Netscreen acquisition could bear fruit for Juniper

Router company Juniper Networks' acquisition of NetScreen Technologies has been seen by analysts as an attempt to gain ground...

Router company Juniper Networks' acquisition of NetScreen Technologies has been seen by analysts as an attempt to gain ground against Cisco Systems in the enterprise network arena, although they admitted that nothing is likely to happen in the near future.

Last week, Juniper agreed to acquire NetScreen, a supplier of firewalls and virtual private network technology, in a stock deal valued at approximately $4bn.

A top Juniper executive downplayed the notion that the deal was designed to bring the company into a new market, but pointedly dismissed the distinction between carrier and enterprise networks. Christine Heckart, vice president of marketing at Juniper, said the aim is to provide networks reliable and flexible enough to keep all kinds of fixed and mobile devices connected.

"The whole distinction between service provider and enterprise is very outdated," she added.

"If you need a virtual resource, a network that will respond to your business needs and a network that is mission critical ... then you're in our customer base. How you classify your business is not going to determine whether or not you're a viable target customer for Juniper."

Juniper was founded in 1996 with financial backing from some of Cisco's biggest rivals, and headed for Cisco's traditional stomping ground at the core of large IP networks. Despite Cisco's head start of several years in the router industry, Juniper has made significant inroads in service provider networks.

In 2003, Juniper captured 31% of the world's revenue for high-end routers, those that offer interfaces of 10Gbps or higher, according to Dell'Oro Group analyst Shin Umeda. That represented a gain of five percentage points from 2002, while Cisco's share fell five points to 62%.

However, Juniper does not make routers for enterprises and has not had a way to sell to those customers if they did, according to Frank Dzubeck, an analyst at Communications Network Architects.

Juniper's market share in that segment is minimal by design, while Cisco holds more than 90% of the market, said Dell'Oro's Umeda.

Dzubeck believed the NetScreen acquisition is an attempt to change this state of affairs.
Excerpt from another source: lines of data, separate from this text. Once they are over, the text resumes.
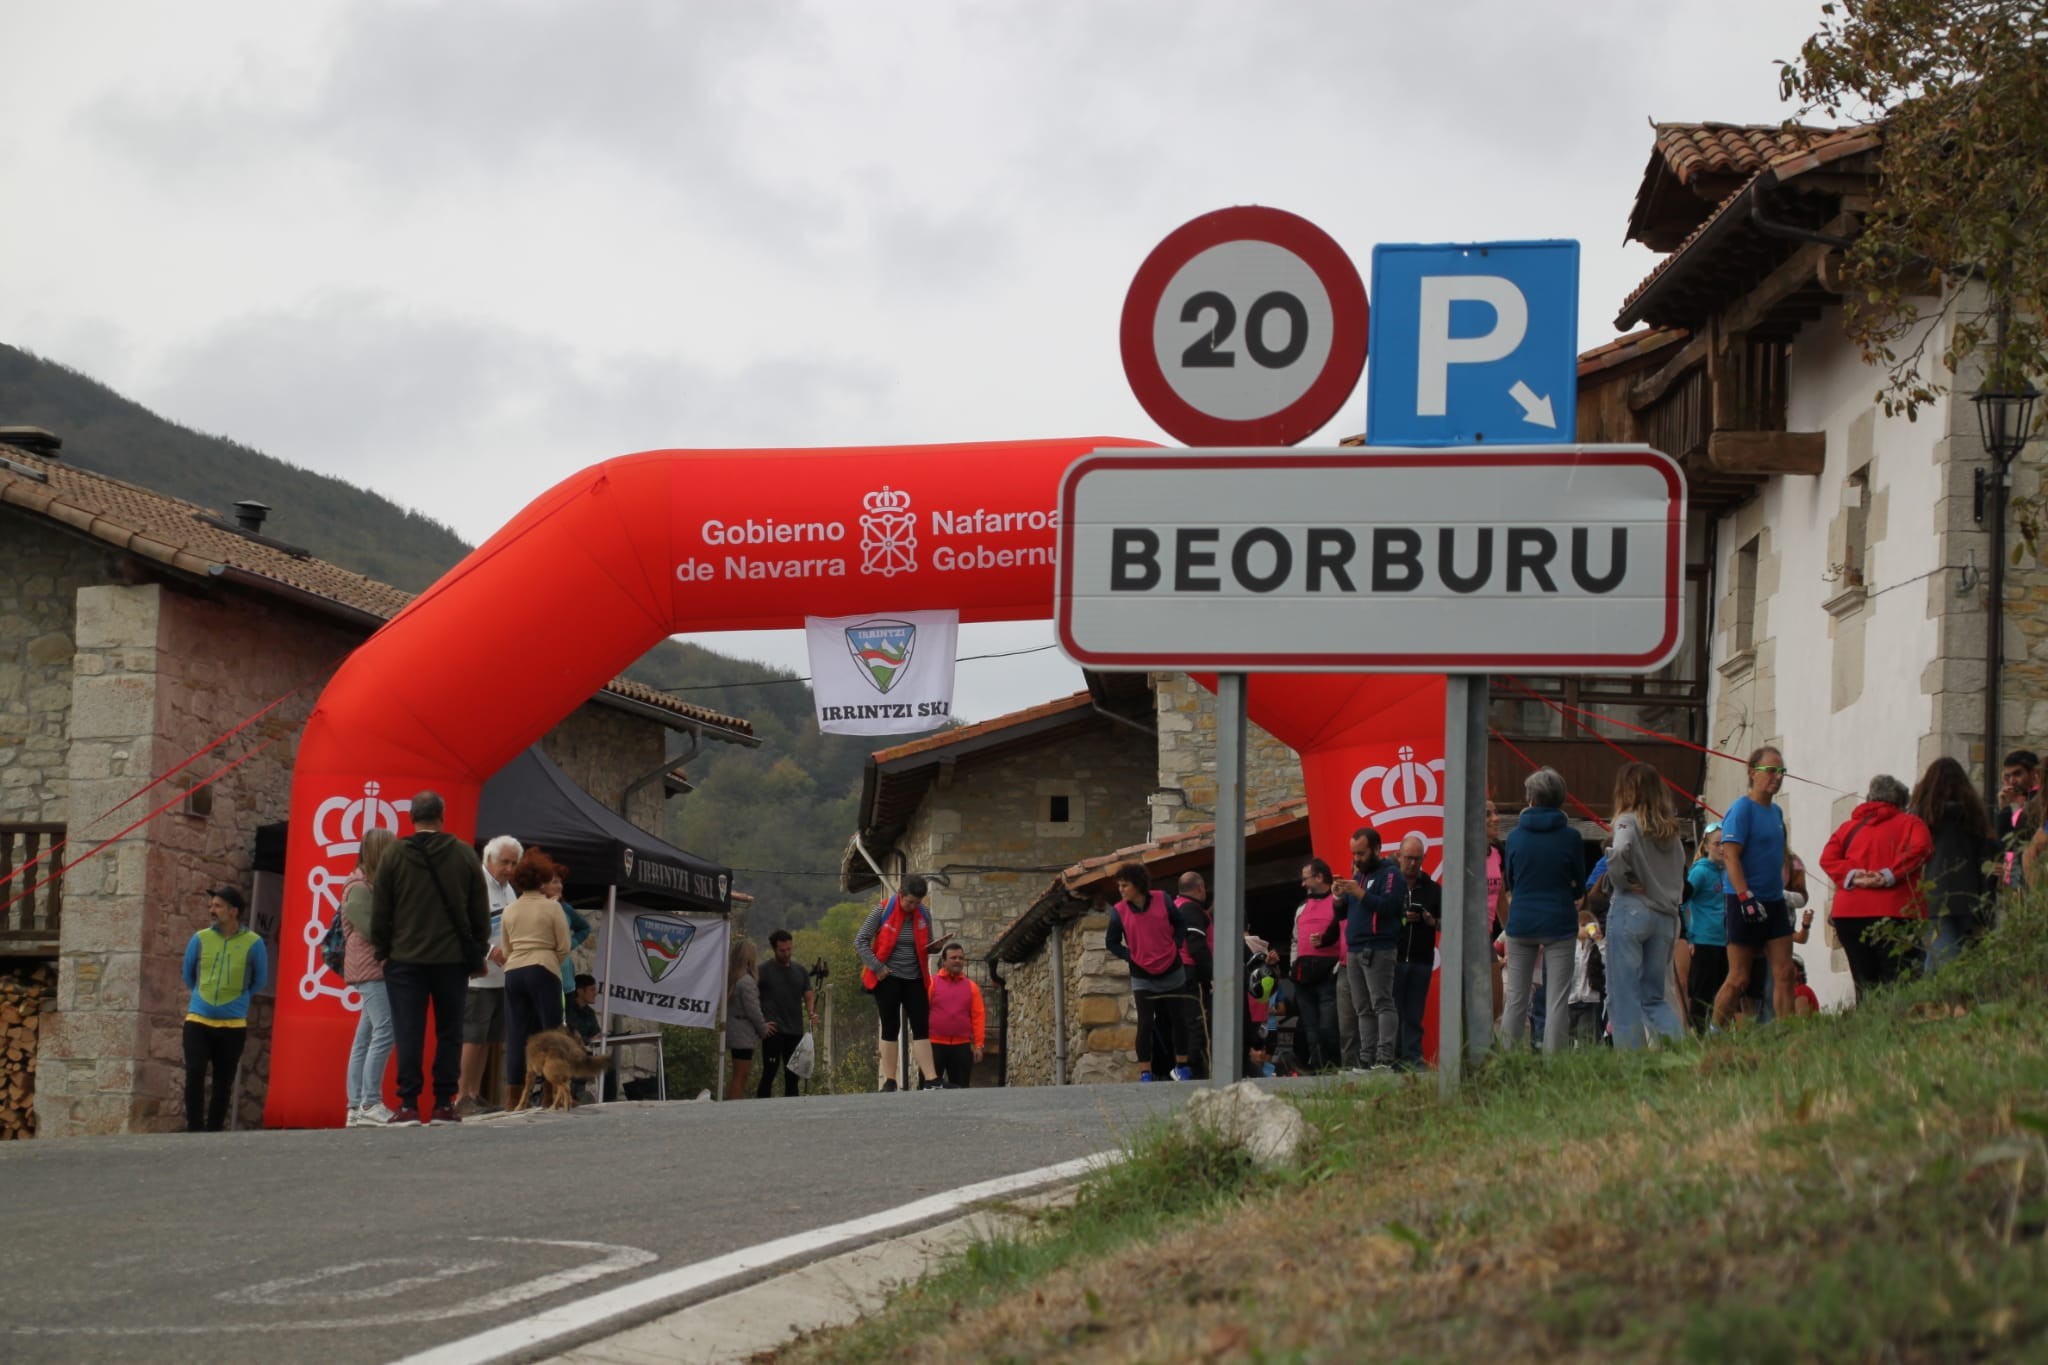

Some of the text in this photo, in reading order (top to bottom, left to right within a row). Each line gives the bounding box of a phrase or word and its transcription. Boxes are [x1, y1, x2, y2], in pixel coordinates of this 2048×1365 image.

[1179, 291, 1309, 369] 20
[1417, 275, 1529, 416] P
[701, 518, 845, 545] Gobierno
[932, 508, 1058, 536] Nafarroa
[676, 556, 846, 582] de Navarra
[1111, 527, 1628, 593] BEORBURU
[858, 628, 905, 639] IRRINTZI
[822, 701, 949, 721] IRRINTZI SKI
[638, 860, 714, 899] IRRINTZI SKI
[677, 997, 711, 1013] SKI
"This is Juniper's way to get into the enterprise," he said. It can take advantage of NetScreen's sales channels and save itself the time and expense of building up its own organisation for that job. Over time, it also can boost the capabilities of its routers for service providers by adapting NetScreen's security technology. With it, service providers might be able to filter out viruses from e-mail and stop denial-of-service attacks."

Putting those services in the carrier network rather than at the enterprise would be a good idea, he said, citing the recent MyDoom attack that hit the SCO Group website this month.
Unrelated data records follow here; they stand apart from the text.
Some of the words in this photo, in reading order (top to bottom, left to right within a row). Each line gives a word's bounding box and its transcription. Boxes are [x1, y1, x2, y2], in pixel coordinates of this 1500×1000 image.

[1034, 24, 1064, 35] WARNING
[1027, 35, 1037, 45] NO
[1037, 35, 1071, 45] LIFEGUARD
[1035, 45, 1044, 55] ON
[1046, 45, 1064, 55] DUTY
"Why couldn't that have been filtered out before they got bombarded? There's an awful lot of things that can be done if the edge of the network and the core of the network turn out to be incredibly intelligent," Dzubeck said.

Being able to get those kinds of protection from a service provider could be a boon to enterprises, mainly at their branch offices, said Yankee Group analyst Zeus Kerravala. At corporate headquarters, firewall functions will probably remain in place, although they will move from specialised appliances into sophisticated routers or switches, he added.

Kerravala agreed the vision of more built-in security is shared by Cisco, although he admitted Juniper will face an uphill battle if it tried to take on Cisco in the enterprise.

Over the years, Cisco has built a broad lineup of routers, switches and other devices for different-sized companies and many parts of the enterprise. Juniper's history so far has taken the opposite track, as the company focused on building one type of product well.

"Juniper's just a very sharp hunting knife. ... Cisco takes much more of a Swiss Army approach," Kerravala said.